▶ **WORK TO BE COMPLETED**:
Below are the records; retype them exactly and omit each picture.

▶ **DATA SECTION**:
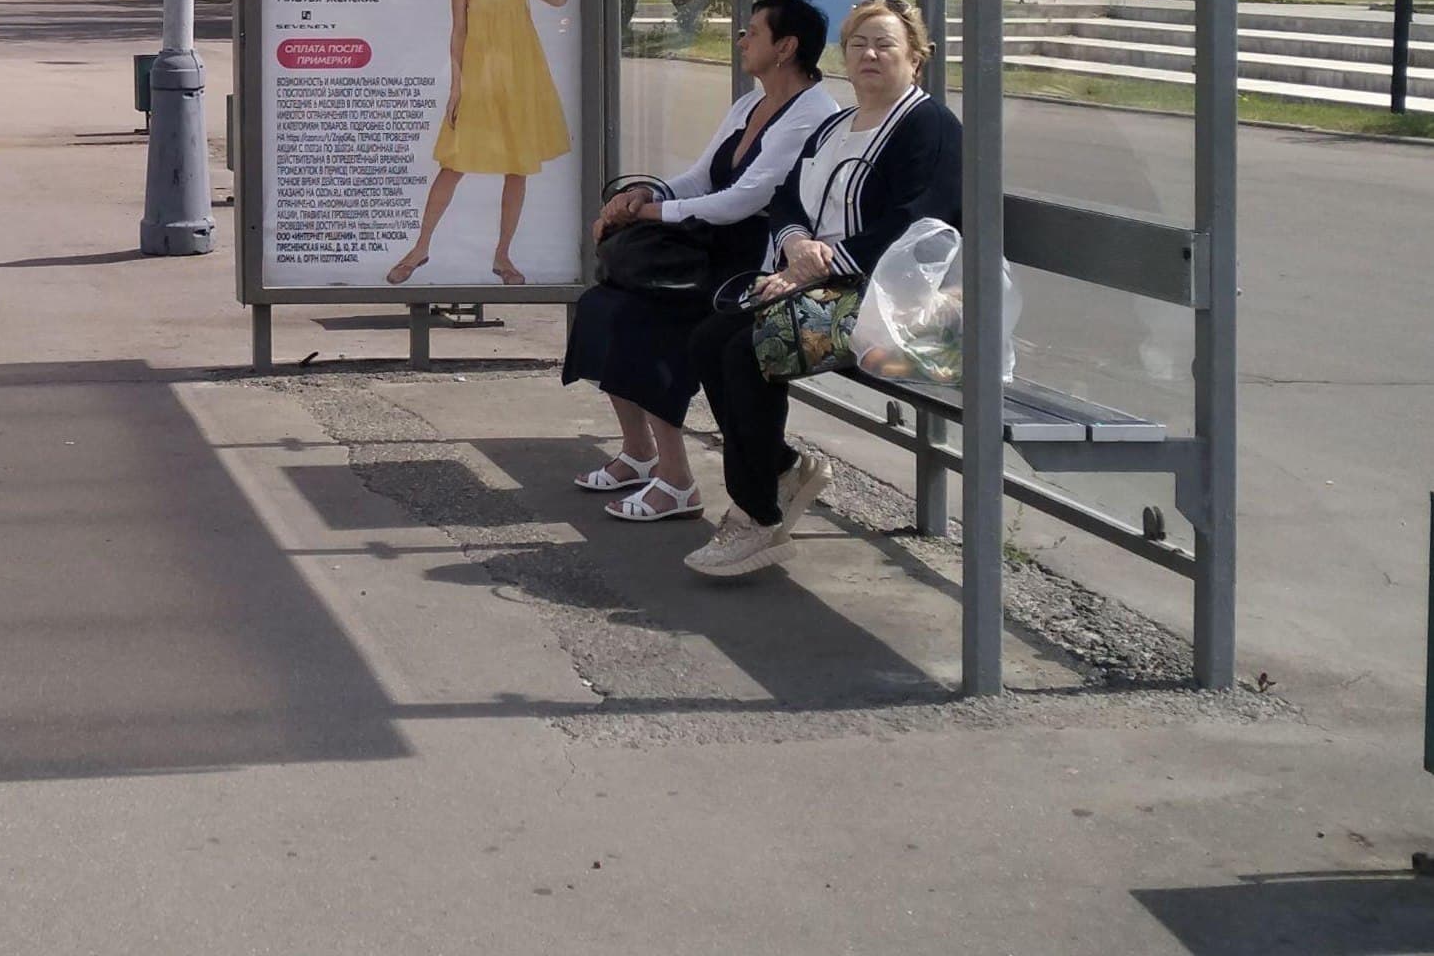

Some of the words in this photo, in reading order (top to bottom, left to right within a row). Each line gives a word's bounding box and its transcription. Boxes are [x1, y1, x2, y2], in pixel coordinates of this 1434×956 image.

[285, 45, 326, 53] ОПЛАТА
[328, 45, 364, 53] ПОСЛЕ
[297, 56, 352, 65] ПРИМЕРКИ
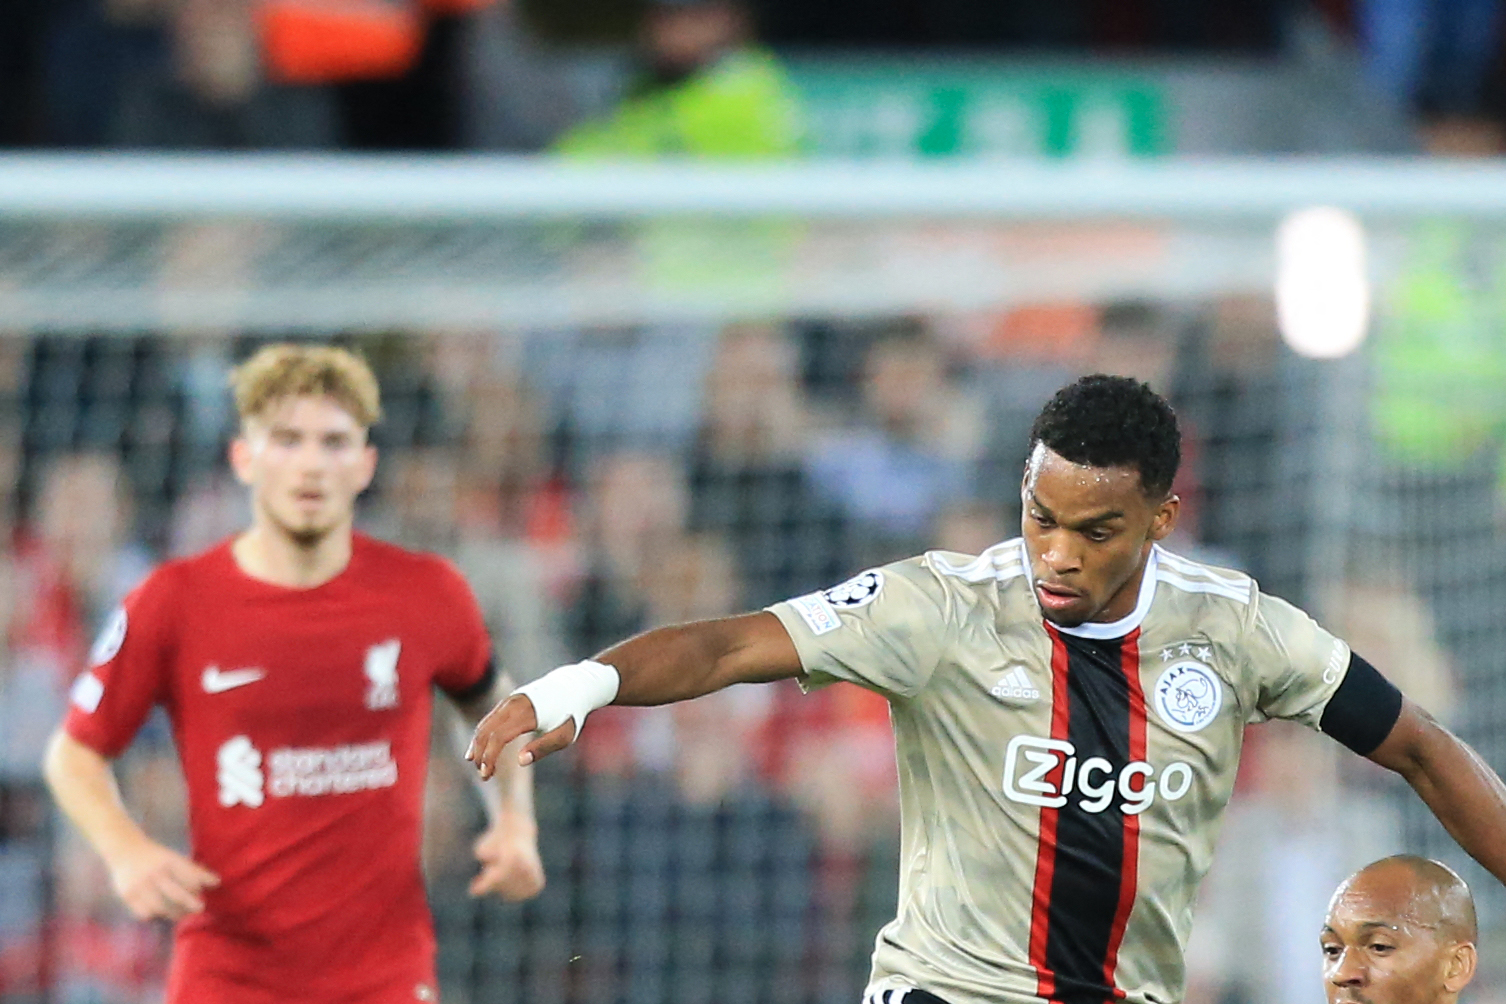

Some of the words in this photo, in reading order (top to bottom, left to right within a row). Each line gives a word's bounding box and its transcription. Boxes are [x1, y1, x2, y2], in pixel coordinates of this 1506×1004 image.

[991, 685, 1040, 699] adidas
[1160, 667, 1185, 695] AJAX
[1003, 735, 1193, 815] Ziggo
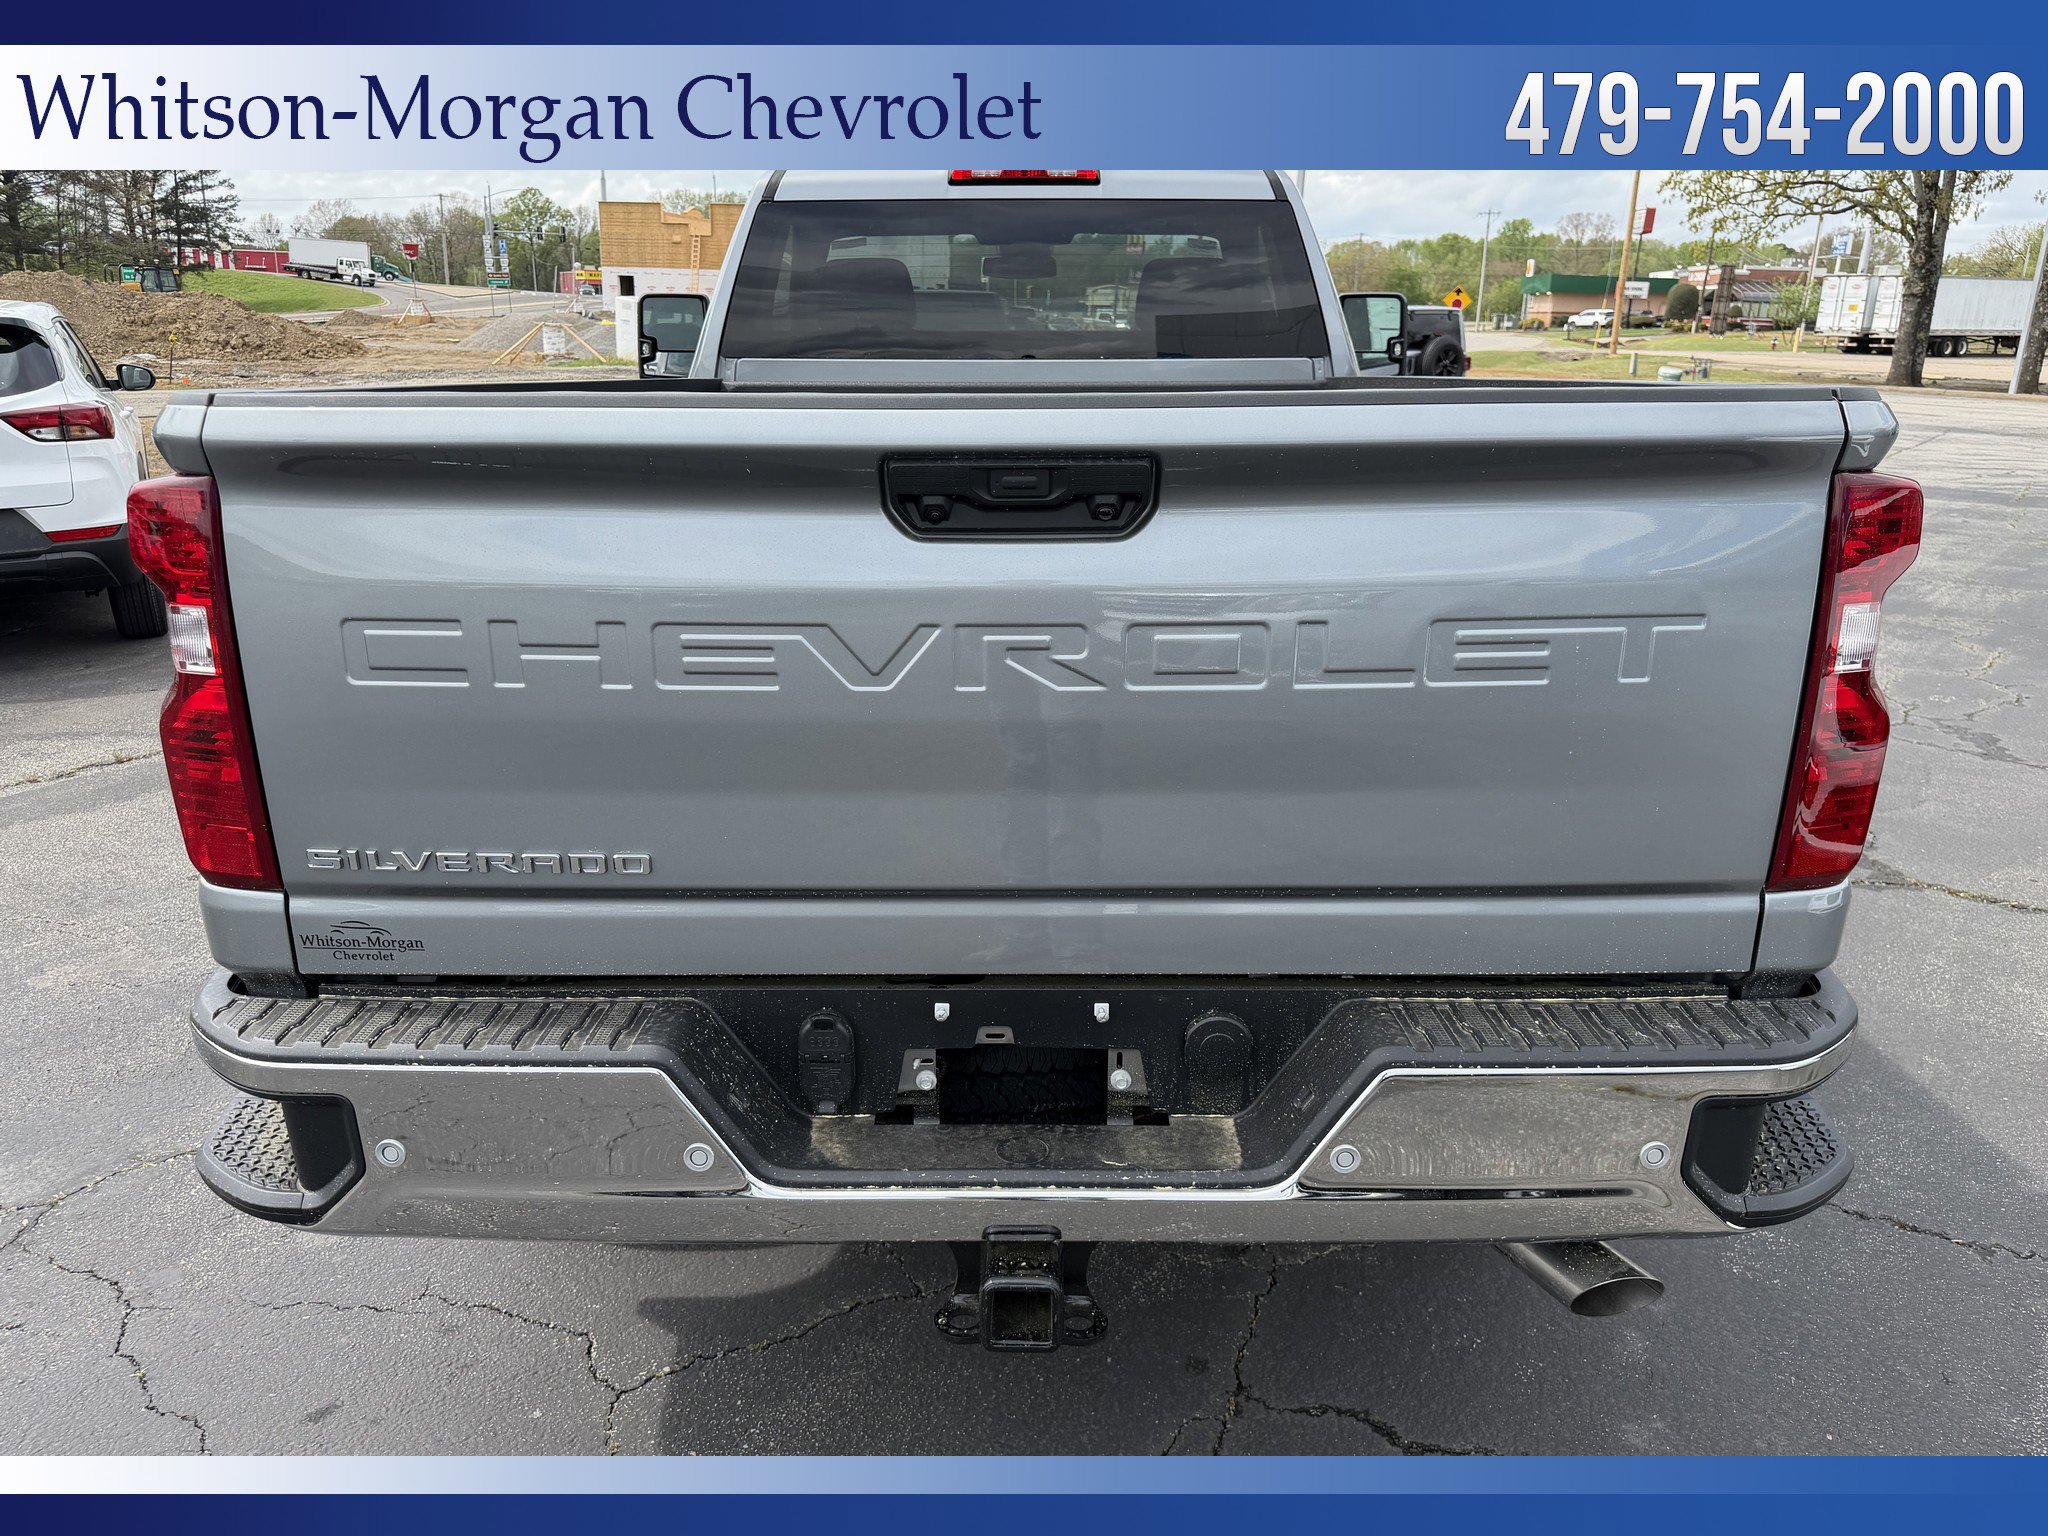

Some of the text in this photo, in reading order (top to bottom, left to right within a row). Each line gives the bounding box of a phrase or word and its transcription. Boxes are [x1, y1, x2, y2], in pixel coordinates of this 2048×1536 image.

▶ **EXERCISE ANSWER**:
Some of the words in this photo, in reading order (top to bottom, left to right within a row). Each line gives a word's bounding box and its transcription. Boxes are [x1, y1, x2, y2], in pixel coordinates of this 1434×956 image.

[285, 45, 326, 53] ОПЛАТА
[328, 45, 364, 53] ПОСЛЕ
[297, 56, 352, 65] ПРИМЕРКИ

Some of the words in this photo, in reading order (top to bottom, left to right within a row). Each line gives a word's bounding box and its transcription. Boxes are [x1, y1, x2, y2], in pixel coordinates of this 1506×1004 image.

[991, 685, 1040, 699] adidas
[1160, 667, 1185, 695] AJAX
[1003, 735, 1193, 815] Ziggo

Some of the text in this photo, in reading order (top to bottom, left to right within a row). Each line gives the bounding box of a phrase or word and its transcription. Boxes are [x1, y1, x2, y2], in pixel coordinates of this 2048×1536 image.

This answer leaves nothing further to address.